The first thing was the system picked up another 17-18k riders per day. The riders on this line were almost entirely new at first. At least 10-15k of them. The busiest bus line in the city, the #72 plying up and down 82nd Avenue, saw almost zero change to the ridership. Being only about 1-6 blocks at various points from the light rail one might have thought some of the riders would have switched modes. The simple explanation is that the #72 serves a specific constituency and the light rail serves another constituency.

There is however one huge difference.
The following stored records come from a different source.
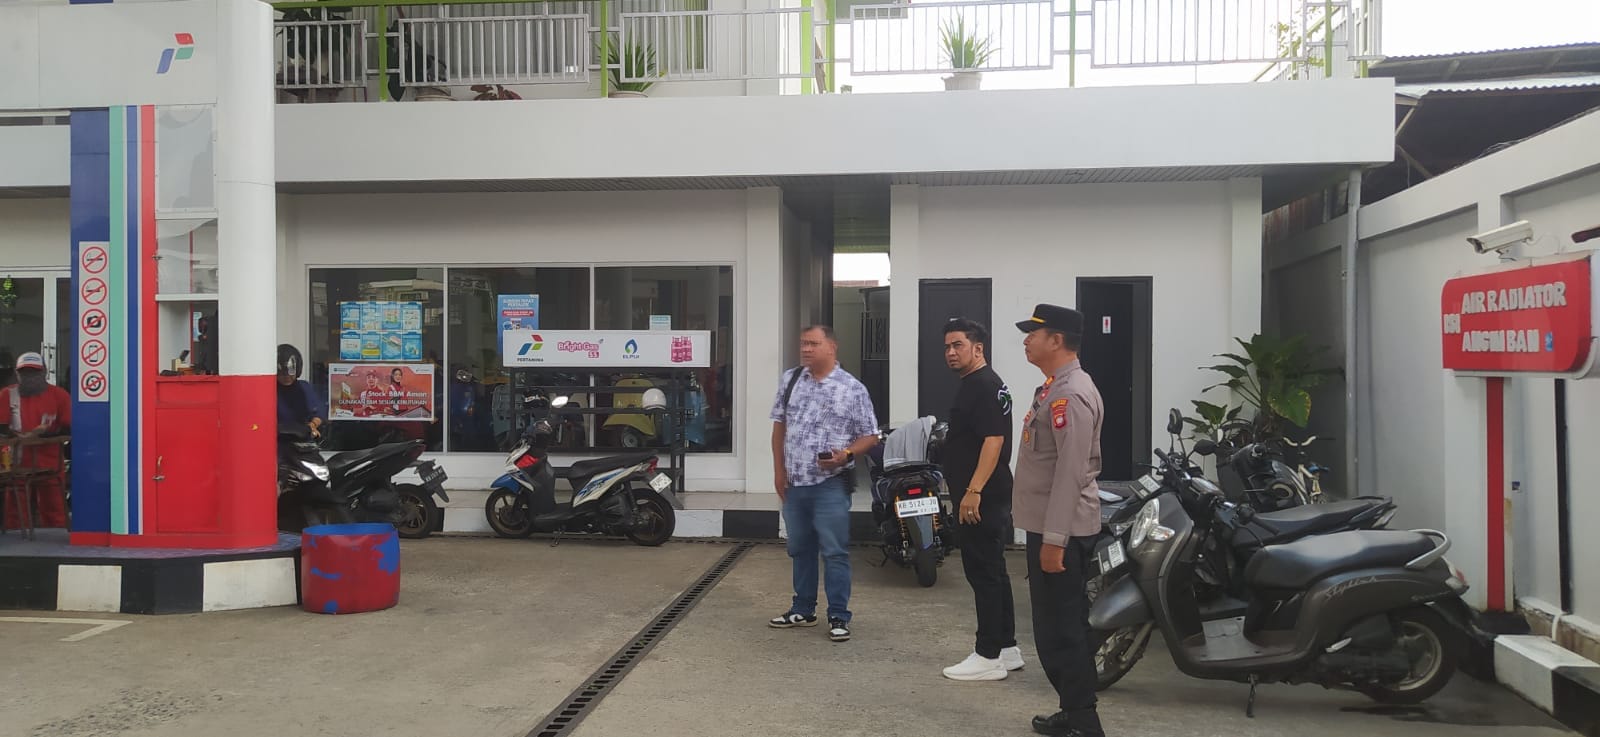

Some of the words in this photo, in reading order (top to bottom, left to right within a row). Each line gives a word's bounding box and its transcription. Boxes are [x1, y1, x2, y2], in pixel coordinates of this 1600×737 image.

[1462, 292, 1486, 314] AIR
[1487, 282, 1567, 312] RADIATOR
[558, 341, 582, 352] Bright
[582, 341, 599, 350] Gas
[1462, 330, 1505, 352] ANGIN
[1507, 329, 1539, 352] BAN
After a period of 18-20 years Trimet will have spent – including infrastructure – less on the light rail service than on the bus service on 82nd Avenue while getting a growing ridership on the green line that will even surpass those estimates.

What does that mean?

It means Trimet will have more money to spend, operationally and for infrastructure, on other parts of the system.

Fast forward to my current city I’m living in. The light rail that Sound Transit is building is almost 10x the cost of what Portland is building. Primarily because Seattle’s Sound Transit is getting the light rail built in raised and subterranean infrastructure. This type of infrastructure is inordinately expensive. A cost, that at this point is unneeded.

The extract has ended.